When to get a Tongue Tie Release?


It is best to strengthen and train the tongue muscle with myofunctional therapy. And create more room in the mouth with a palatal expander, prior to doing a tongue tie release procedure. Otherwise the tongue will have no room to move and it will have no idea how to function. Usually 2-3 hours of myofunctional therapy and 2-6 months of palatal expander use will suffice. Every case is different and needs to be individually evaluated by a trained dentist and myofunctional therapist.

Tongue, lip and buccal tie release is also called frenectomy or frenuloplasty. Tongue tie is sometimes called ankylglossia by medical professionals.


tongue tie release procedure


Before and after tongue tie release procedure. The before photo is a very severe anterior tongue tie. Most tongue ties look like the picture below.

Tongue tie procedures require planning to avoid reattachment. Sometimes tongue tie releases need to be done in two phases to achieve optimal results. A delayed approach to tongue tie release is usually advised for optimal results. Untying a tongue will not automatically result in normal function. It is better two improve the strength and function of the tongue with myofunctional therapy prior to doing a release. The tongue is a complex muscle and it needs to be trained. Additionally, it is often better to improve the size and space in the mouth with a palatal expander. Many of the functional problems with the tongue are related to the mouth being too small. The tongue will be better able to function when there is space for it to move properly.


When are Tongue and Lip Tie Procedures necessary?

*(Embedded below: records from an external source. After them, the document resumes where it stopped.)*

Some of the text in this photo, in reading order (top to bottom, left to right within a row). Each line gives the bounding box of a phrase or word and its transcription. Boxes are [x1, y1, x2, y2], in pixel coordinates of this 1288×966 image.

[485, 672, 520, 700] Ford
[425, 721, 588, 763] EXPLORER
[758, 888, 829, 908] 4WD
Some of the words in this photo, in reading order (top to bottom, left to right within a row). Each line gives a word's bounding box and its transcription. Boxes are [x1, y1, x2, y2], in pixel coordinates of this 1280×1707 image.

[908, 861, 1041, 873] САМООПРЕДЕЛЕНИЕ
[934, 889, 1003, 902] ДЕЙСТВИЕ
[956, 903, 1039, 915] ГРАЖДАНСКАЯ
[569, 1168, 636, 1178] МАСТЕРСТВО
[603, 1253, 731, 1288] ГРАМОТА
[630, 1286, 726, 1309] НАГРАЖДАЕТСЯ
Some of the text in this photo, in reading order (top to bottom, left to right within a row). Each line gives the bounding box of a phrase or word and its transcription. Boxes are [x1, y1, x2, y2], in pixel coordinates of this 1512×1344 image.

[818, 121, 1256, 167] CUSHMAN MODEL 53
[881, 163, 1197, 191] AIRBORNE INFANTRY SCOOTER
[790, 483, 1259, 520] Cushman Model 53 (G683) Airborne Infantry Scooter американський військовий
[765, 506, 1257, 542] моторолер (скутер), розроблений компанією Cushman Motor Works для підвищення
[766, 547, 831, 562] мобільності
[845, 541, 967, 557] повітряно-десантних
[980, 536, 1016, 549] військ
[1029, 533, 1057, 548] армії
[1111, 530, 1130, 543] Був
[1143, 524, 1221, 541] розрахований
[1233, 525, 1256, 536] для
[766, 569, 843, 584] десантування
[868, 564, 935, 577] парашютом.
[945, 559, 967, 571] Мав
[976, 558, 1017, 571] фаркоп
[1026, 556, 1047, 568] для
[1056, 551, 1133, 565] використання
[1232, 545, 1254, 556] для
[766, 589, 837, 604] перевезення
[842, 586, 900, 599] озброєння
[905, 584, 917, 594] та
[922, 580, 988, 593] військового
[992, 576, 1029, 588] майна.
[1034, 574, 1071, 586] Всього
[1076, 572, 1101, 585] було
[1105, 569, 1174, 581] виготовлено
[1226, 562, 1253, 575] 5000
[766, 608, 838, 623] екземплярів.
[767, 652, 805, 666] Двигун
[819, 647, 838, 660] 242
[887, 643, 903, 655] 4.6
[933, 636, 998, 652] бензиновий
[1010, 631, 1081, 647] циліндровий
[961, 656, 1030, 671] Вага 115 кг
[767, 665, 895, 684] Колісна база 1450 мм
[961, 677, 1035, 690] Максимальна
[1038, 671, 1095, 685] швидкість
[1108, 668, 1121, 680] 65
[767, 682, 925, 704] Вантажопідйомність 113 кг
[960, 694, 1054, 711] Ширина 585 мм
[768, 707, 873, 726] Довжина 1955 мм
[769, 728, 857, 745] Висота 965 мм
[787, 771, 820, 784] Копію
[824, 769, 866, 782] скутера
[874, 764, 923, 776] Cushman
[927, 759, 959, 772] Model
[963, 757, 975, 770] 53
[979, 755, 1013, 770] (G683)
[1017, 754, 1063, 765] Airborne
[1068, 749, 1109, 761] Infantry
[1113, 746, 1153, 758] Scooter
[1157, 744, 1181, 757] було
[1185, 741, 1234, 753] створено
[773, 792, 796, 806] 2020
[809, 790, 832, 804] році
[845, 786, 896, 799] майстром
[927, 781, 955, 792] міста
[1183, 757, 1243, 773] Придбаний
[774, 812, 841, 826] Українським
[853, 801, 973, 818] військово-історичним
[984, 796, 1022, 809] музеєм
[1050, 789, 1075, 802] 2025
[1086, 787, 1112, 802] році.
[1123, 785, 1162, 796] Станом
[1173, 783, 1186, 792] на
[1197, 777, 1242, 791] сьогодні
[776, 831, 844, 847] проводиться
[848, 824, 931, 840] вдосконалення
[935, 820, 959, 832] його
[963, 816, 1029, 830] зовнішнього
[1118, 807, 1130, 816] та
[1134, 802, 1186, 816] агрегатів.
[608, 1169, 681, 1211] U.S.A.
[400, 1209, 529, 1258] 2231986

  1. airway issues such as airway resistance or sleep apnea
  2. Mouth breathing
  3. Snoring
  4. Teeth clenching and/or TMJ symptoms
  5. Bite problems
  6. Poor facial profile
  7. Poor posture related to airway or jaw underdevelopment
  8. Speech problems
  9. Swallowing problems
  10. Tongue thrust
  11. Neck and upper back pain and limited range of motion of the head and neck


When to get a Lip Tie Release


upper lip tie release


An upper lip tie is when the lip muscle attaches too tightly and too close to the teeth. Lip ties release should be performed right away. Lip ties are immediately restrictive and harmful and success rates are high with minimal other myofunctional treatments. Lip ties are the leading cause of poor forward growth. Upper lip ties prevent forward growth of the upper jaw by pulling too hard in reverse. Lower jaw forward growth cannot happen if the upper jaw does not grow first. One of the biggest mistakes is not removing lip ties and only focusing on lateral expansion.


lower lip tie

Lower Lip Tie


posterior tongue tie

Posterior Tongue Tie


What is a Buccal Tie or Cheek Tie?


buccal ties


Buccal ties are also called cheek ties. Buccal ties are when the cheek muscles (masseter and pterygoid muscles) are attached too tightly and too close to the bicuspid and molar teeth. Buccal ties can cause gum recession, tipping inwards of the teeth. Buccal ties also cause the upper jaws to be narrow and the palate to be high. Most people with buccal ties need transverse palatal expansion. Buccal ties cause the upper jaw to grow less wide because of the reverse muscle pressure on the jaw bones. Buccal ties should be released along with lip ties and at the same time.


How to get prepared for tongue tie release procedure


Do not get a release without being evaluated by a certified myofunctional therapist. There needs to be a treatment plan to address structural issues with the jaws, bite and neck and back. Adult expanders such as the Homeoblock appliance and Vivos device can create more room in the mouth to improve the jaw structure and open up the airway.

Tongue and lip ties are muscle attachments that are too tight and restrict proper jaw and facial muscle function. Cutting the fascia is not going to automatically translate into the muscles working perfectly. It is also not going to address the problems caused by years of poor tongue and lip dysfunction.

Our protocol is palatal expanders, tongue and lip tie releases and myofunctional therapy. We also incorporate posture correction and breathing exercises. Not all our patients need all of this, but many do.